Rico Lins: Graphic Borderlines
The project “Rico Lins: Graphic Borderlines” was born from an invitation than the exhibition’s curator, Agnaldo Farias, made me years before the exhibition actually happen, when he directed the MAM of Rio. In his words, the idea was to create “an environment in which I conduct a sort of installation able to translate my world view, something that only a graphic designer is able to have, embodied in words and pictures, papers and projections. “
Created in
Brazil, 2009 – 2011
Category
Exhibition + Editorial
Awards
APCA Award (São Paulo’s Association of Art Critics) for the Graphic Work in 2010 and Jabuti award 2010 for graphic design of the catalog.
It was exciting and challenging because it came with the suggestion to escape the formality of framework on the wall and came to meet some central ideas of my work, including that of proposing a discussion, through the work of the design about the border and the imprecise limits between the graphic and plastic arts. Later, when it finally became real, I brought contributions and responses to the curatorship and Agnaldo`s challenge.
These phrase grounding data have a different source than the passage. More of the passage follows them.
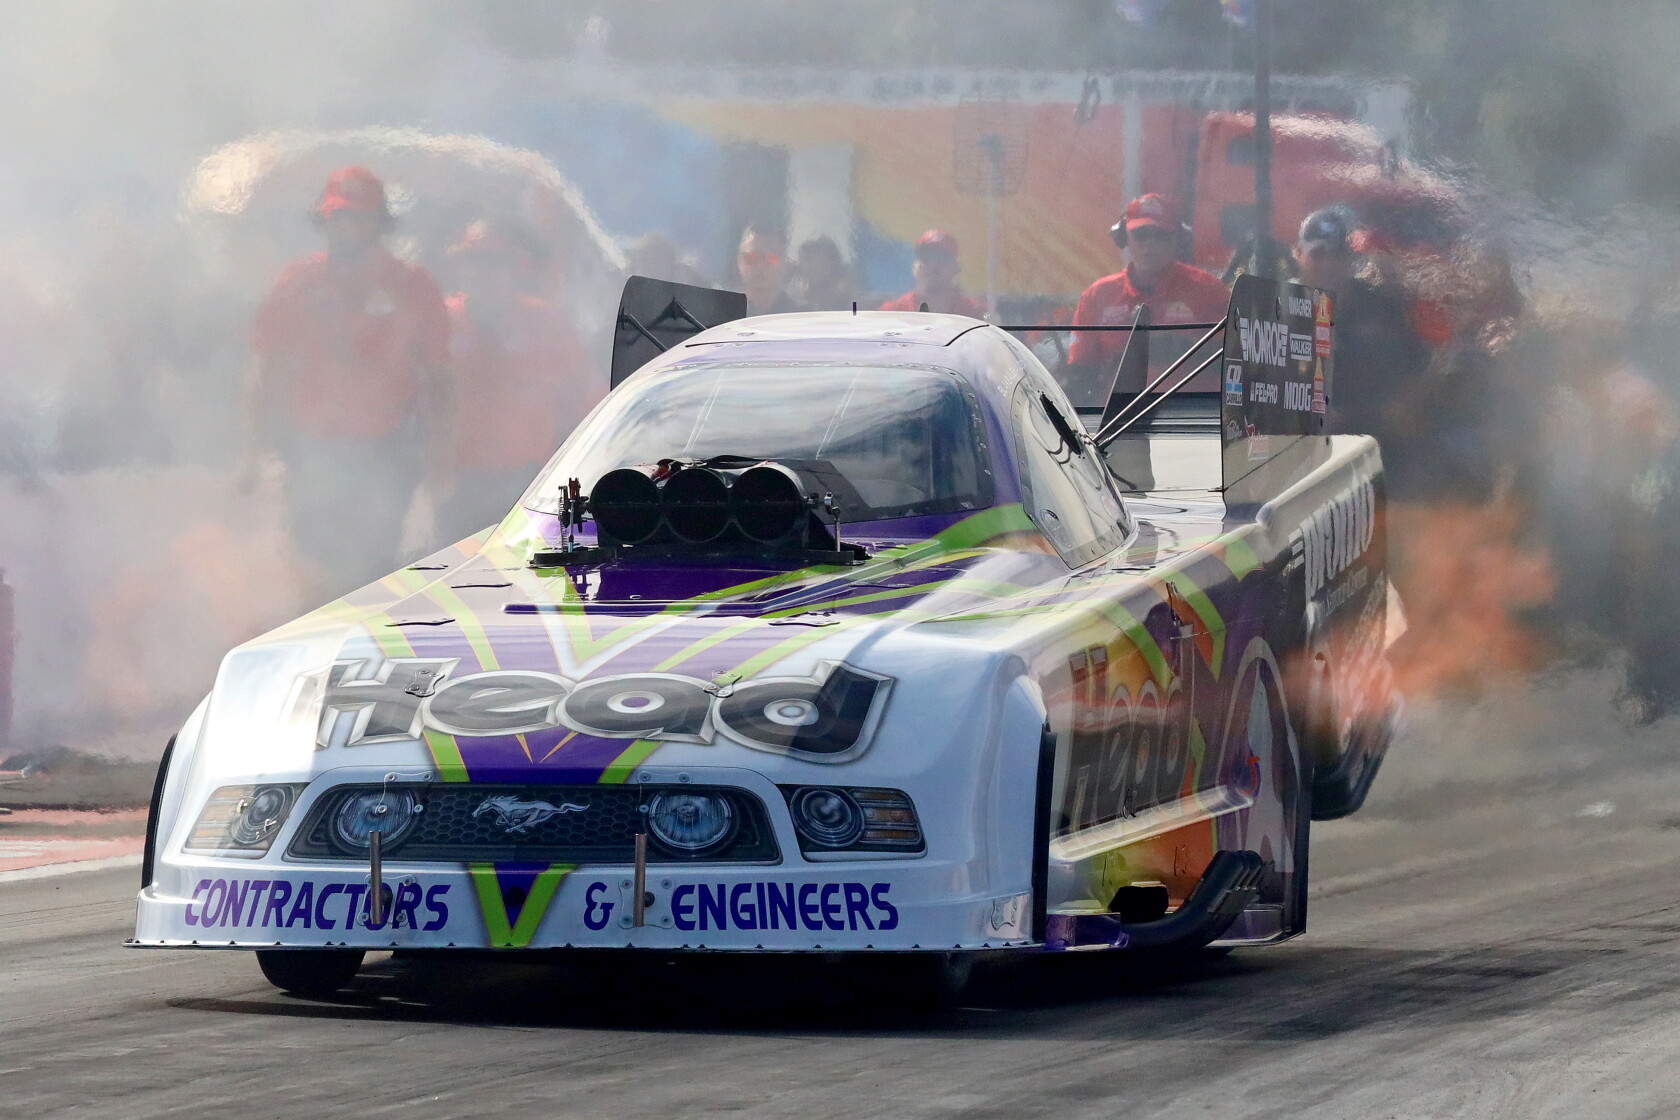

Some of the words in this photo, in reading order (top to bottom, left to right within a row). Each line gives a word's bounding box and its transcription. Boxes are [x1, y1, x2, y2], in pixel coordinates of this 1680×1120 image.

[1288, 296, 1312, 318] WAGNER
[1240, 318, 1288, 367] MONROE
[1290, 337, 1312, 357] WALKER
[1284, 381, 1312, 411] MOOG
[184, 878, 452, 931] CONTRACTORS
[583, 881, 615, 931] &
[671, 882, 899, 931] ENGINEERS
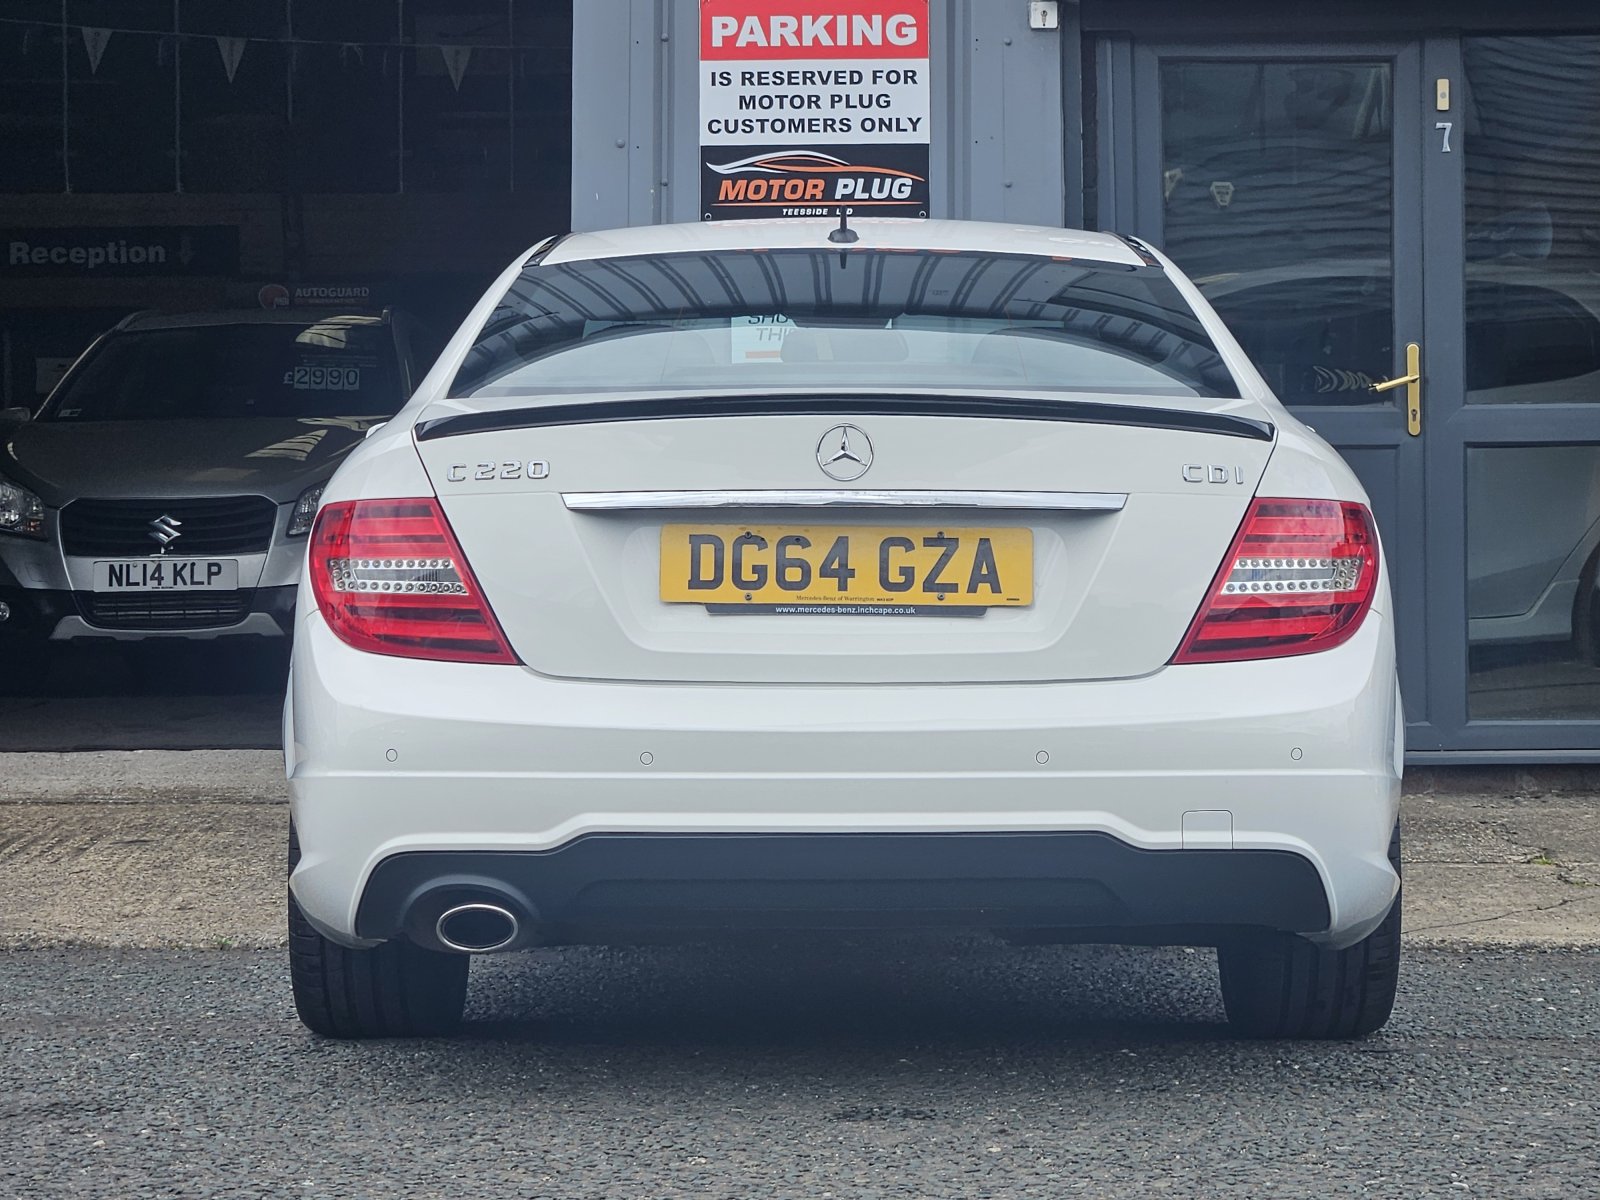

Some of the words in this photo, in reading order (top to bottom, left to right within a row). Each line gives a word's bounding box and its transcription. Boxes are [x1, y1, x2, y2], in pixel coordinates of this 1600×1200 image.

[711, 14, 918, 47] PARKING
[711, 71, 732, 86] IS
[741, 70, 863, 86] RESERVED
[872, 70, 918, 85] FOR
[739, 94, 821, 110] MOTOR
[830, 93, 891, 109] PLUG
[707, 118, 852, 134] CUSTOMERS
[860, 117, 922, 132] ONLY
[1435, 122, 1452, 152] 7
[718, 179, 825, 201] MOTOR
[834, 178, 913, 200] PLUG
[782, 208, 828, 216] TEESSIDE
[9, 240, 166, 268] Reception
[295, 286, 370, 297] AUTOGUARD
[282, 368, 360, 387] £2990
[447, 463, 467, 482] C
[474, 459, 550, 481] 220
[1182, 463, 1244, 484] CDI
[108, 563, 165, 587] NL14
[173, 562, 222, 586] KLP
[688, 534, 856, 592] DG64
[878, 536, 1002, 595] GZA
[775, 606, 916, 616] www.mercedes-benz.inchcape.co.uk
The exhibition took place with the sponsorship of Caixa Cultural and opened in Rio de Janeiro in February 2009, starting a itinerancy by other Brazilian cities.
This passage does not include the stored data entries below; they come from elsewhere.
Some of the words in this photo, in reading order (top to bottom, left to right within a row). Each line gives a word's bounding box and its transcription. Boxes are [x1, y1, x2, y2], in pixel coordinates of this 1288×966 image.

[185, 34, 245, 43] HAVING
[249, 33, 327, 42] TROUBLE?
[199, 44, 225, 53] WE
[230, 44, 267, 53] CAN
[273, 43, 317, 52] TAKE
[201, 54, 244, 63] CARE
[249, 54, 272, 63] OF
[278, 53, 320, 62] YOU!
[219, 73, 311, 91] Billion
One of these borders materializes scenographically in one of the central elements of the exhibition by bringing a unique feature of industrial graphic arts for the exhibition space by changing the viewer’s relationship to the printed material: a satin fabric banner with 1.5m wide and 45m long with high definition printed projects with it`s proportions altered, where “a stamp takes the size of a poster and the poster of a stamp.”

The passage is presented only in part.